> [Work task] Write the data out again exactly, with no pictures.

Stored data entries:

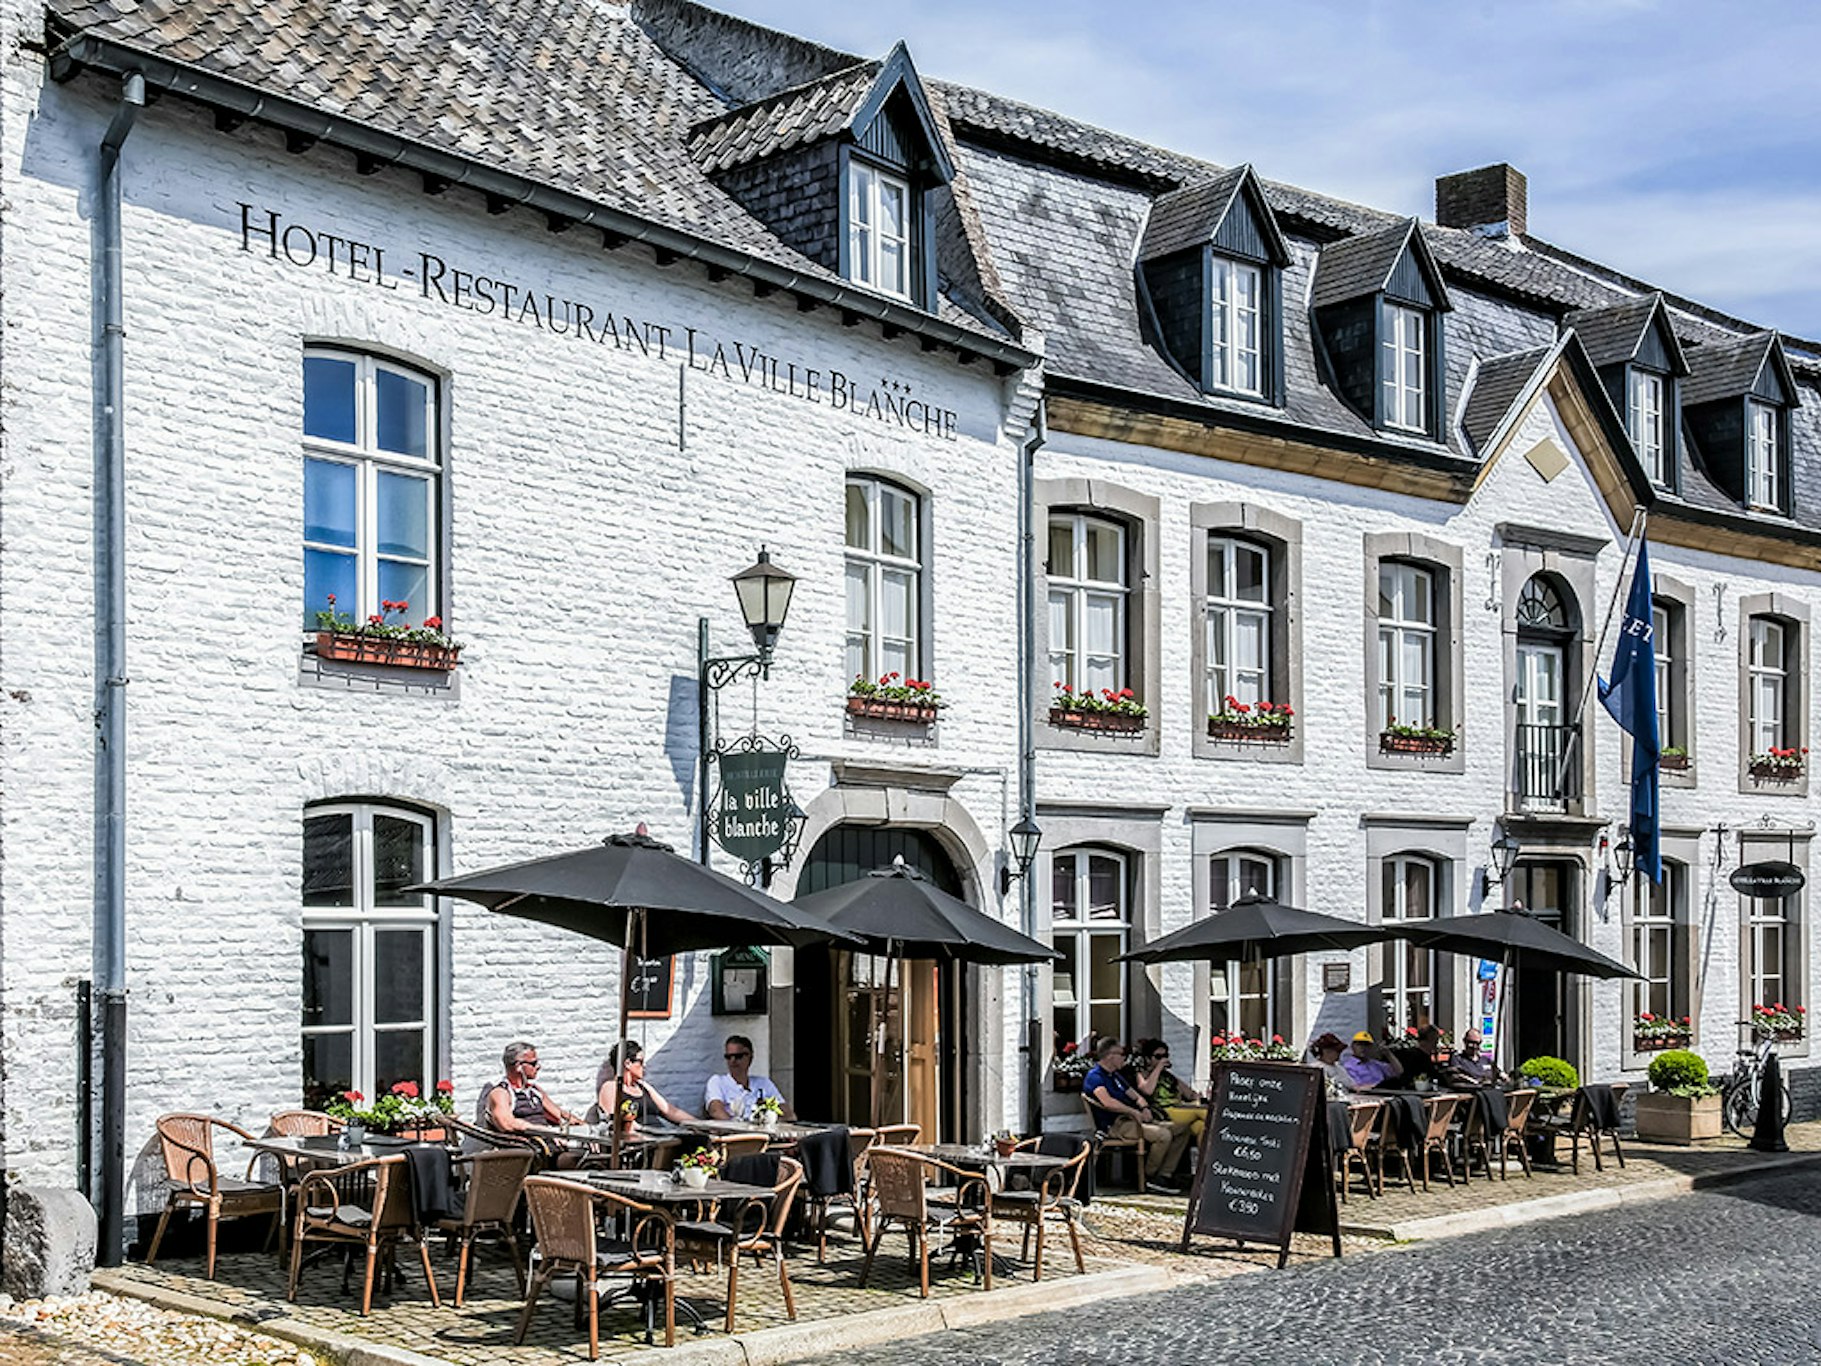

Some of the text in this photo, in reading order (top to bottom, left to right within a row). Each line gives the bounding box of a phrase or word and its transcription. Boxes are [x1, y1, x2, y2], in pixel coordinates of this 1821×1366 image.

[829, 369, 957, 441] BLANCHE
[724, 789, 738, 811] la
[725, 813, 779, 838] blanche
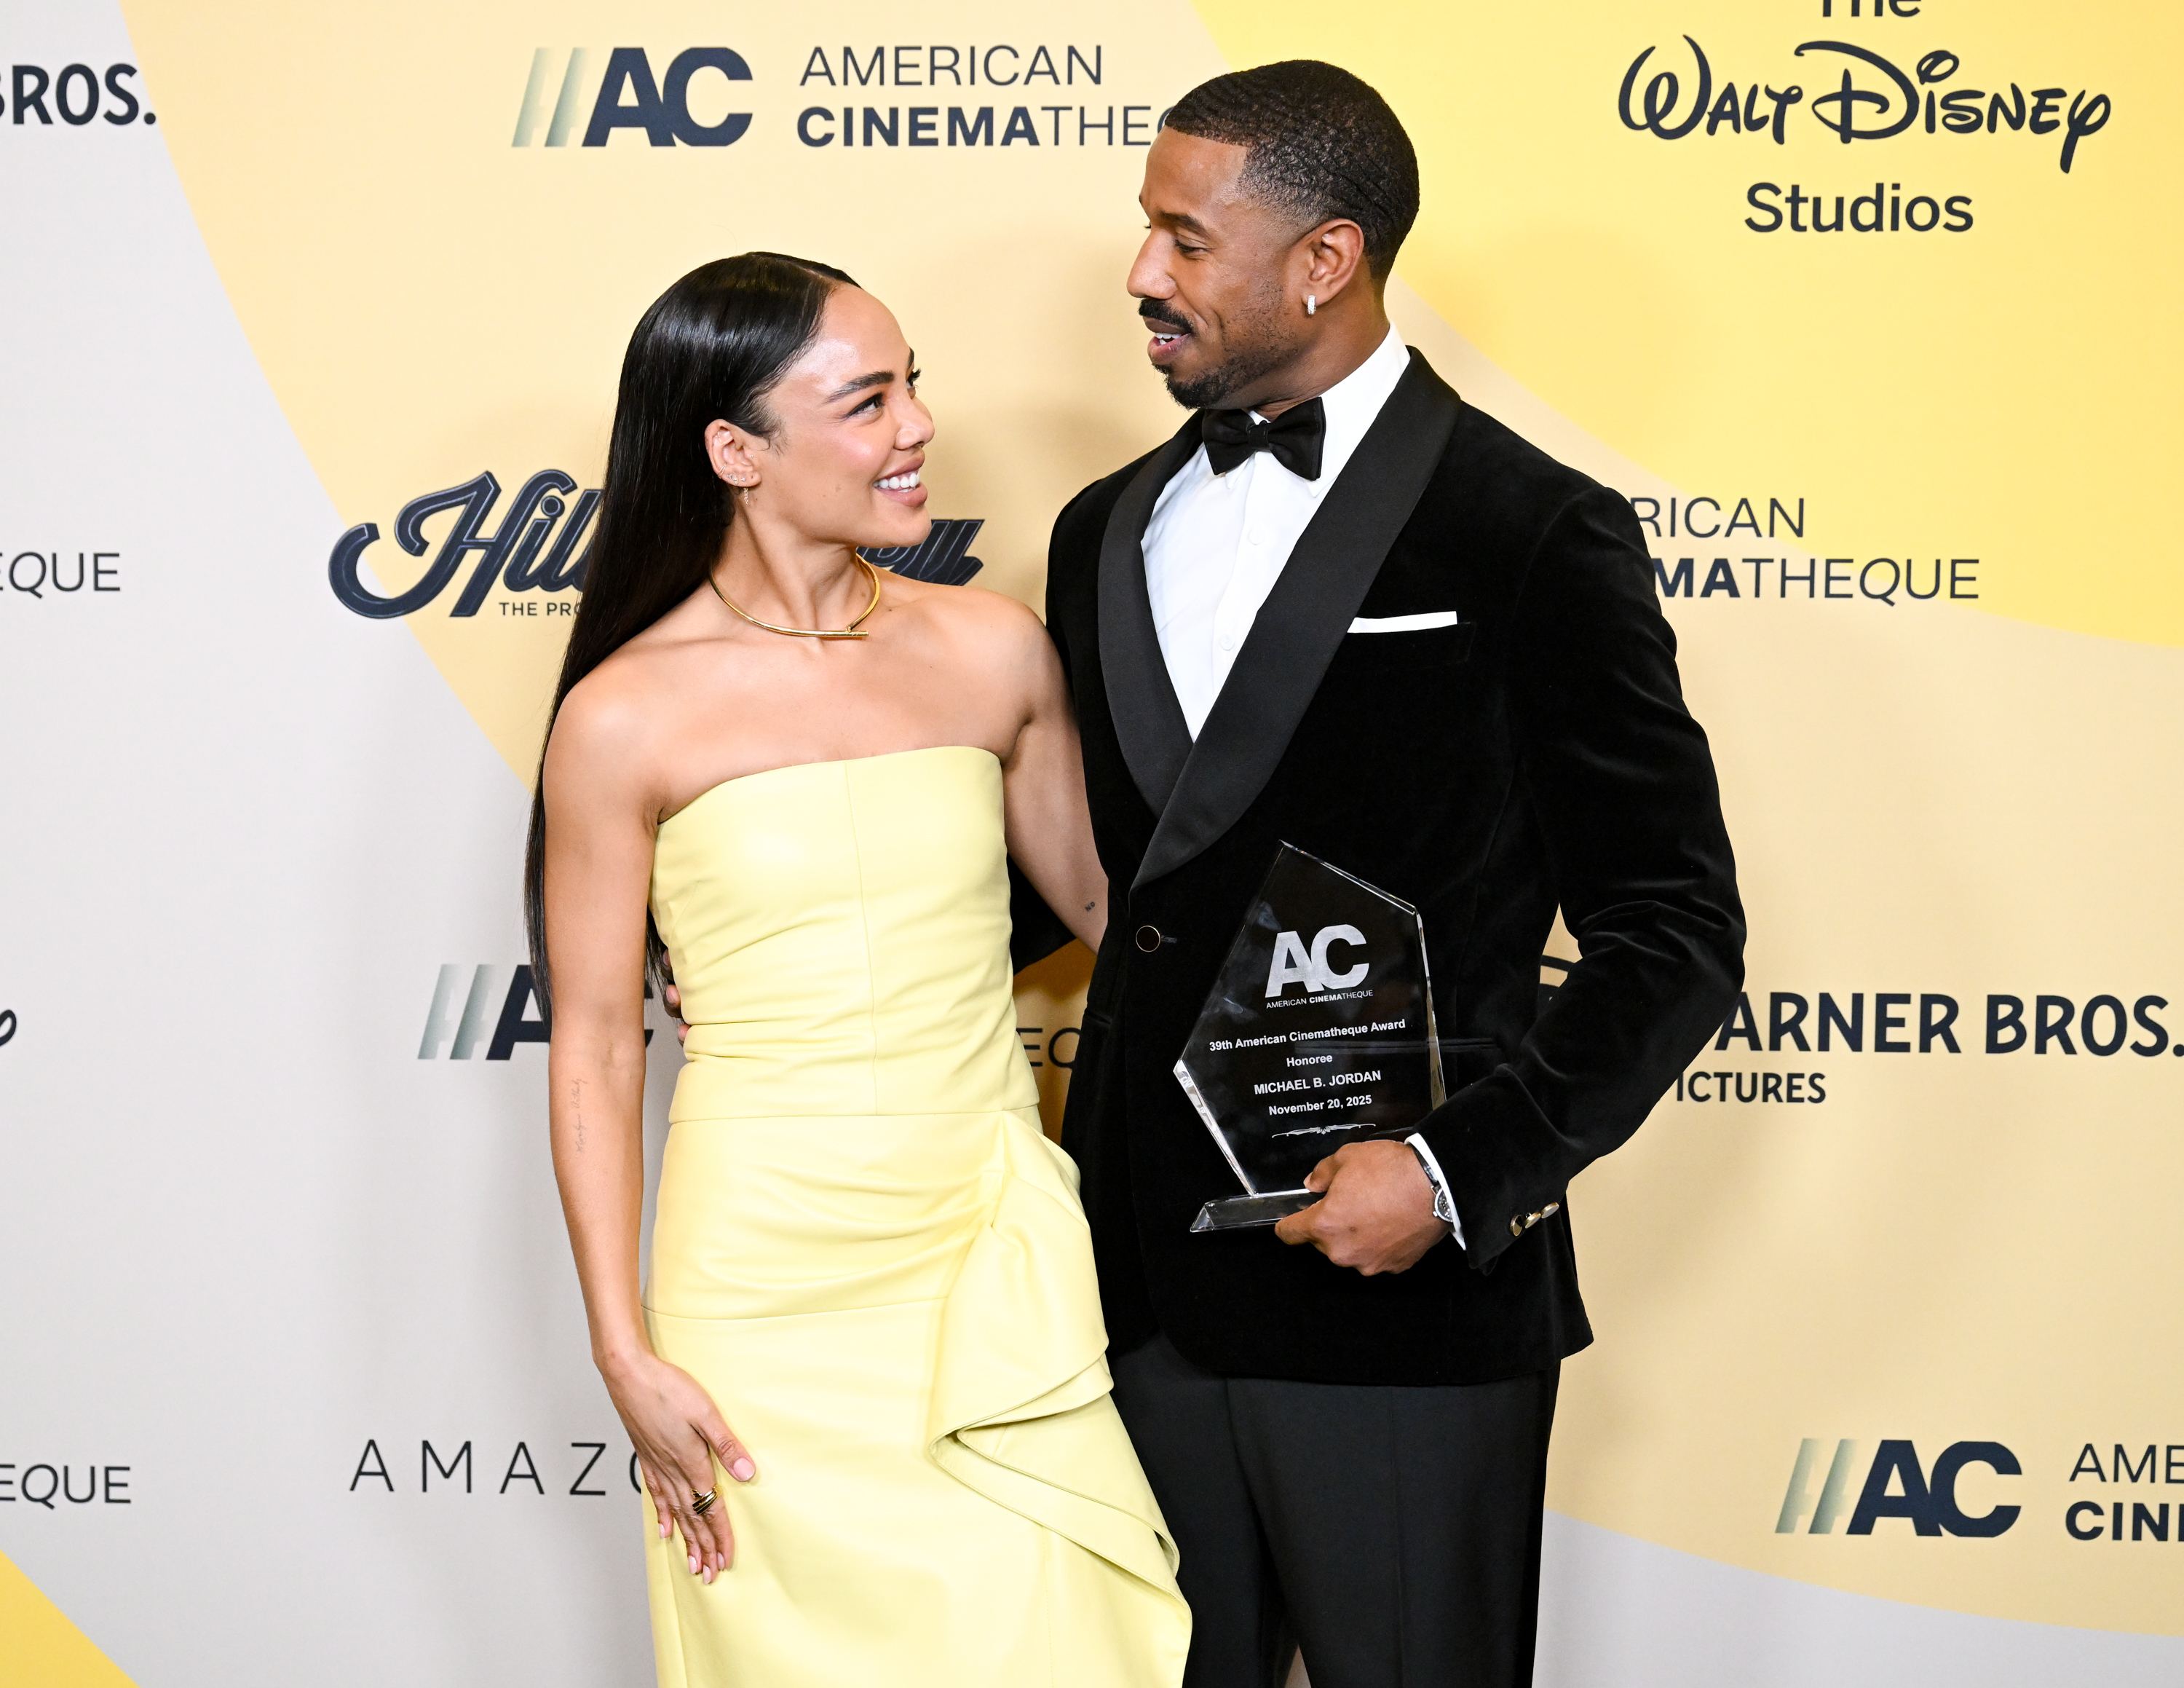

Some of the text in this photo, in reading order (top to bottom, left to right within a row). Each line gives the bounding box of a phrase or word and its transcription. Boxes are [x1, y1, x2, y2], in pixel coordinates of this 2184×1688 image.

[799, 45, 1102, 86] AMERICAN
[0, 63, 157, 126] ROS.
[1744, 182, 1974, 233] Studios
[0, 551, 121, 599] QUE
[499, 602, 537, 616] THE
[1265, 924, 1369, 998] AC
[1266, 990, 1374, 1009] AMERICAN CINEMATHEQUE
[1209, 1019, 1406, 1052] 39th American Cinematheque Award
[1985, 994, 2184, 1057] BROS.
[1286, 1054, 1333, 1068] Honoree
[1254, 1070, 1381, 1095] MICHAEL B. JORDAN
[1269, 1095, 1372, 1115] November 20, 2025
[2065, 1500, 2184, 1542] CIN
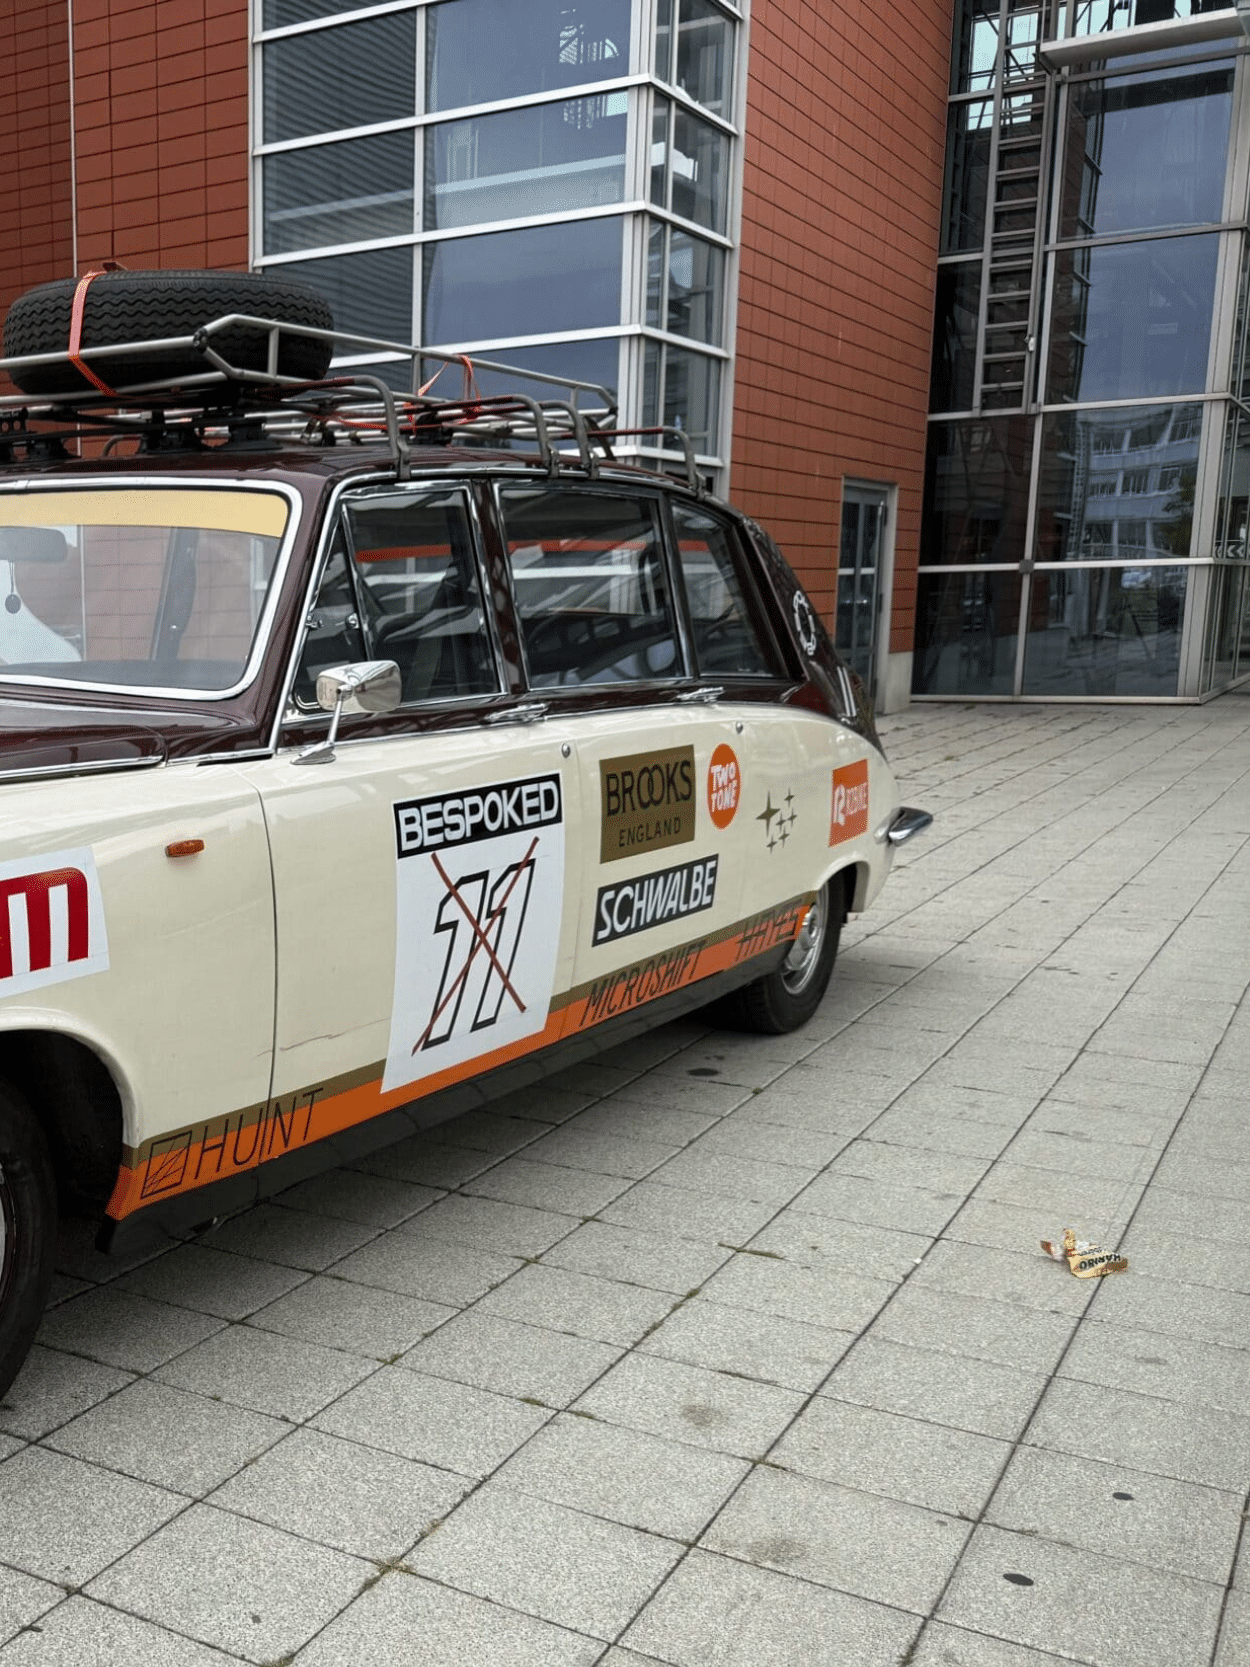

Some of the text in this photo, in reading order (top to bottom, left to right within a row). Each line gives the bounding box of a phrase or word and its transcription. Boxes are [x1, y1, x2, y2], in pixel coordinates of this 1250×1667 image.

[606, 760, 692, 817] BROOKS
[711, 761, 736, 792] TWO
[711, 780, 737, 812] TONE
[398, 780, 559, 851] BESPOKED
[618, 817, 681, 847] ENGLAND
[597, 860, 717, 940] SCHWALBE
[421, 858, 536, 1051] 11
[579, 939, 706, 1027] MICROSHIFT
[194, 1087, 323, 1180] HUNT
[1079, 1253, 1121, 1270] HARIBO

> [Result of this task]
Some of the text in this photo, in reading order (top to bottom, left to right within a row). Each line gives the bounding box of a phrase or word and its transcription. Boxes are [x1, y1, x2, y2], in pixel coordinates of this 1821×1366 image.

[829, 369, 957, 441] BLANCHE
[724, 789, 738, 811] la
[725, 813, 779, 838] blanche

Some of the text in this photo, in reading order (top to bottom, left to right within a row). Each line gives the bounding box of a phrase or word and its transcription. Boxes are [x1, y1, x2, y2], in pixel coordinates of this 2184×1688 image.

[799, 45, 1102, 86] AMERICAN
[0, 63, 157, 126] ROS.
[1744, 182, 1974, 233] Studios
[0, 551, 121, 599] QUE
[499, 602, 537, 616] THE
[1265, 924, 1369, 998] AC
[1266, 990, 1374, 1009] AMERICAN CINEMATHEQUE
[1209, 1019, 1406, 1052] 39th American Cinematheque Award
[1985, 994, 2184, 1057] BROS.
[1286, 1054, 1333, 1068] Honoree
[1254, 1070, 1381, 1095] MICHAEL B. JORDAN
[1269, 1095, 1372, 1115] November 20, 2025
[2065, 1500, 2184, 1542] CIN

Some of the text in this photo, in reading order (top to bottom, left to right within a row). Each line gives the bounding box of a phrase or word and its transcription. Boxes are [x1, y1, x2, y2], in pixel coordinates of this 1250×1667 image.

[606, 760, 692, 817] BROOKS
[711, 761, 736, 792] TWO
[711, 780, 737, 812] TONE
[398, 780, 559, 851] BESPOKED
[618, 817, 681, 847] ENGLAND
[597, 860, 717, 940] SCHWALBE
[421, 858, 536, 1051] 11
[579, 939, 706, 1027] MICROSHIFT
[194, 1087, 323, 1180] HUNT
[1079, 1253, 1121, 1270] HARIBO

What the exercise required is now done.